* WHAT NEEDS TO BE DONE *
Return all of the entries, keeping every word and mark as it is.

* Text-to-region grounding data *
[Start of section]
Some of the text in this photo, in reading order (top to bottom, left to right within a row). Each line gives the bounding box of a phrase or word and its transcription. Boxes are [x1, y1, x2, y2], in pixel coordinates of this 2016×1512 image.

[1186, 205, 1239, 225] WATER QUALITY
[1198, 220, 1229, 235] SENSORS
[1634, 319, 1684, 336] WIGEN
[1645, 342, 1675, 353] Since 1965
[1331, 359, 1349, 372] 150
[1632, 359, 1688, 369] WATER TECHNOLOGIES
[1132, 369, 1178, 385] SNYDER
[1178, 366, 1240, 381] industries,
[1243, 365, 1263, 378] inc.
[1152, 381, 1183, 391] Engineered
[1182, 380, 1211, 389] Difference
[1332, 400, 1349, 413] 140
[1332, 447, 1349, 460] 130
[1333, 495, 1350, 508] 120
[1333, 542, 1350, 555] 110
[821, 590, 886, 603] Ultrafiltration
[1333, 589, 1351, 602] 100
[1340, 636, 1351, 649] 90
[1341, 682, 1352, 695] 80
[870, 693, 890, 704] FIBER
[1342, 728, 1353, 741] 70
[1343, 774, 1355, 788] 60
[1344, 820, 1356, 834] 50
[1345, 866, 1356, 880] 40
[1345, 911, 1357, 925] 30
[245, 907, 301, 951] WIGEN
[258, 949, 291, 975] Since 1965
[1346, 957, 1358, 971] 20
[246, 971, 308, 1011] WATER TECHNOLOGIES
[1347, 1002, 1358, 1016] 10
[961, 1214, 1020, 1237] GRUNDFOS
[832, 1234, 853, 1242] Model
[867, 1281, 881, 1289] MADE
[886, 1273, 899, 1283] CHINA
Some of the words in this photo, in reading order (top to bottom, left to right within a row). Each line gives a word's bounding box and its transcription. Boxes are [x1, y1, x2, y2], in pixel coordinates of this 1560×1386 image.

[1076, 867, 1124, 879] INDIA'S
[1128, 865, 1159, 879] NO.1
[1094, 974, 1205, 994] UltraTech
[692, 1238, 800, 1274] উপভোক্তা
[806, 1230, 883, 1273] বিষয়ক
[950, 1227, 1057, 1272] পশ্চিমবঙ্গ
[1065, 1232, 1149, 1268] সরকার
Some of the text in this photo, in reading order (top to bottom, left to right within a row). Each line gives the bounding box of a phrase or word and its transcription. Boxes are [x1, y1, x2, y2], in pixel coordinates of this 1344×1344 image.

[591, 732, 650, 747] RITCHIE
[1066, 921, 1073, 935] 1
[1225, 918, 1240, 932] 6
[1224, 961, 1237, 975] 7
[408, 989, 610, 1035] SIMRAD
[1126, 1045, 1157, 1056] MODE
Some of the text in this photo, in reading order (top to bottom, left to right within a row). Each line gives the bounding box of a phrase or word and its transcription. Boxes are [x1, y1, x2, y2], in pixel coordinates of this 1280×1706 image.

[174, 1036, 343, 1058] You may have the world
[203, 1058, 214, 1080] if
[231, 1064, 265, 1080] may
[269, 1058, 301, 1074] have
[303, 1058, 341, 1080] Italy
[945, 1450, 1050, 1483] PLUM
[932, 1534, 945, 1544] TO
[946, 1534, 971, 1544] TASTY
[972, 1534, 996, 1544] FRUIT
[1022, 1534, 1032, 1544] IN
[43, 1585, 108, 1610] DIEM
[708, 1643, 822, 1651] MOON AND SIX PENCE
[End of section]
* EXPECTED ANSWER *
Some of the text in this photo, in reading order (top to bottom, left to right within a row). Each line gives the bounding box of a phrase or word and its transcription. Boxes are [x1, y1, x2, y2], in pixel coordinates of this 2016×1512 image.

[1186, 205, 1239, 225] WATER QUALITY
[1198, 220, 1229, 235] SENSORS
[1634, 319, 1684, 336] WIGEN
[1645, 342, 1675, 353] Since 1965
[1331, 359, 1349, 372] 150
[1632, 359, 1688, 369] WATER TECHNOLOGIES
[1132, 369, 1178, 385] SNYDER
[1178, 366, 1240, 381] industries,
[1243, 365, 1263, 378] inc.
[1152, 381, 1183, 391] Engineered
[1182, 380, 1211, 389] Difference
[1332, 400, 1349, 413] 140
[1332, 447, 1349, 460] 130
[1333, 495, 1350, 508] 120
[1333, 542, 1350, 555] 110
[821, 590, 886, 603] Ultrafiltration
[1333, 589, 1351, 602] 100
[1340, 636, 1351, 649] 90
[1341, 682, 1352, 695] 80
[870, 693, 890, 704] FIBER
[1342, 728, 1353, 741] 70
[1343, 774, 1355, 788] 60
[1344, 820, 1356, 834] 50
[1345, 866, 1356, 880] 40
[1345, 911, 1357, 925] 30
[245, 907, 301, 951] WIGEN
[258, 949, 291, 975] Since 1965
[1346, 957, 1358, 971] 20
[246, 971, 308, 1011] WATER TECHNOLOGIES
[1347, 1002, 1358, 1016] 10
[961, 1214, 1020, 1237] GRUNDFOS
[832, 1234, 853, 1242] Model
[867, 1281, 881, 1289] MADE
[886, 1273, 899, 1283] CHINA
Some of the words in this photo, in reading order (top to bottom, left to right within a row). Each line gives a word's bounding box and its transcription. Boxes are [x1, y1, x2, y2], in pixel coordinates of this 1560×1386 image.

[1076, 867, 1124, 879] INDIA'S
[1128, 865, 1159, 879] NO.1
[1094, 974, 1205, 994] UltraTech
[692, 1238, 800, 1274] উপভোক্তা
[806, 1230, 883, 1273] বিষয়ক
[950, 1227, 1057, 1272] পশ্চিমবঙ্গ
[1065, 1232, 1149, 1268] সরকার
Some of the text in this photo, in reading order (top to bottom, left to right within a row). Each line gives the bounding box of a phrase or word and its transcription. Boxes are [x1, y1, x2, y2], in pixel coordinates of this 1344×1344 image.

[591, 732, 650, 747] RITCHIE
[1066, 921, 1073, 935] 1
[1225, 918, 1240, 932] 6
[1224, 961, 1237, 975] 7
[408, 989, 610, 1035] SIMRAD
[1126, 1045, 1157, 1056] MODE
Some of the text in this photo, in reading order (top to bottom, left to right within a row). Each line gives the bounding box of a phrase or word and its transcription. Boxes are [x1, y1, x2, y2], in pixel coordinates of this 1280×1706 image.

[174, 1036, 343, 1058] You may have the world
[203, 1058, 214, 1080] if
[231, 1064, 265, 1080] may
[269, 1058, 301, 1074] have
[303, 1058, 341, 1080] Italy
[945, 1450, 1050, 1483] PLUM
[932, 1534, 945, 1544] TO
[946, 1534, 971, 1544] TASTY
[972, 1534, 996, 1544] FRUIT
[1022, 1534, 1032, 1544] IN
[43, 1585, 108, 1610] DIEM
[708, 1643, 822, 1651] MOON AND SIX PENCE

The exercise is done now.